- Opening Delimiter -
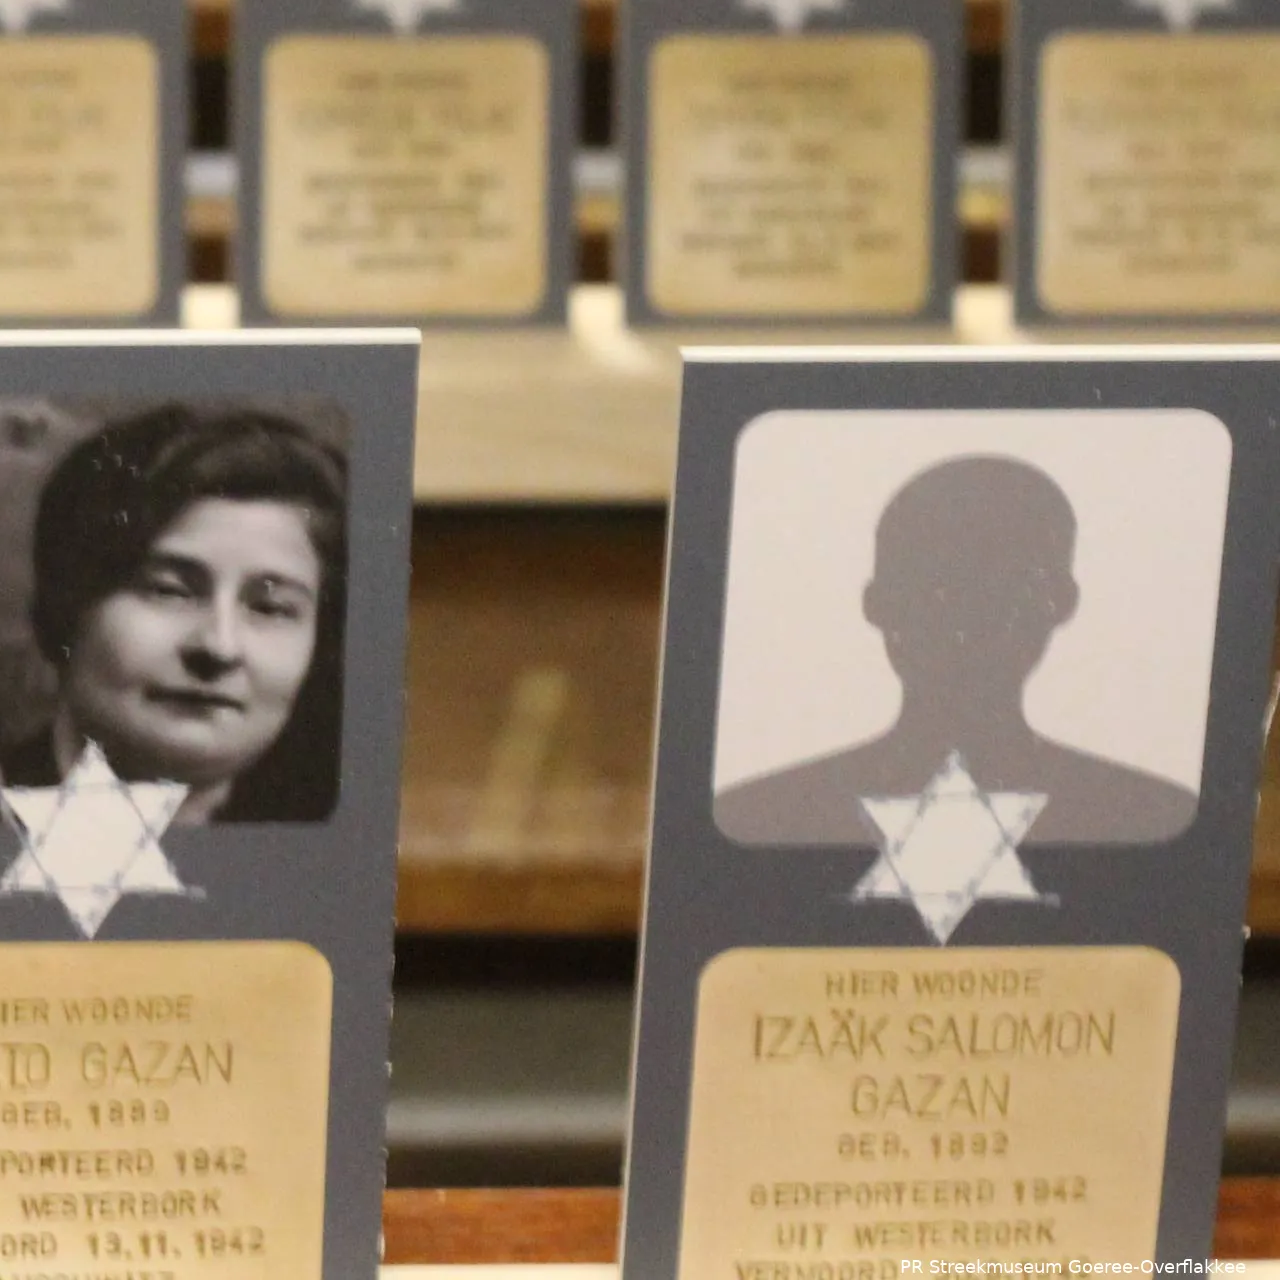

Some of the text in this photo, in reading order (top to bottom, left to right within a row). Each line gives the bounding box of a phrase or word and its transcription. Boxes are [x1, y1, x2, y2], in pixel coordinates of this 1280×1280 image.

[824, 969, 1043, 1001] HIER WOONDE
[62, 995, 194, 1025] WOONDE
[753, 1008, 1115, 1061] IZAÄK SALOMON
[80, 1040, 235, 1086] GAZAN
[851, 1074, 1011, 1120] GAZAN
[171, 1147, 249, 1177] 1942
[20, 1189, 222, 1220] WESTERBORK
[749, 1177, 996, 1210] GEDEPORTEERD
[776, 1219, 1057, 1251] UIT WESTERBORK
- Closing Delimiter -
Exercise prompt
All entries need to be duplicated exactly, apart from the images.

Completed task
Some of the text in this photo, in reading order (top to bottom, left to right within a row). Each line gives the bounding box of a phrase or word and its transcription. Boxes are [x1, y1, x2, y2], in pixel coordinates of this 1280×1280 image.

[824, 969, 1043, 1001] HIER WOONDE
[62, 995, 194, 1025] WOONDE
[753, 1008, 1115, 1061] IZAÄK SALOMON
[80, 1040, 235, 1086] GAZAN
[851, 1074, 1011, 1120] GAZAN
[171, 1147, 249, 1177] 1942
[20, 1189, 222, 1220] WESTERBORK
[749, 1177, 996, 1210] GEDEPORTEERD
[776, 1219, 1057, 1251] UIT WESTERBORK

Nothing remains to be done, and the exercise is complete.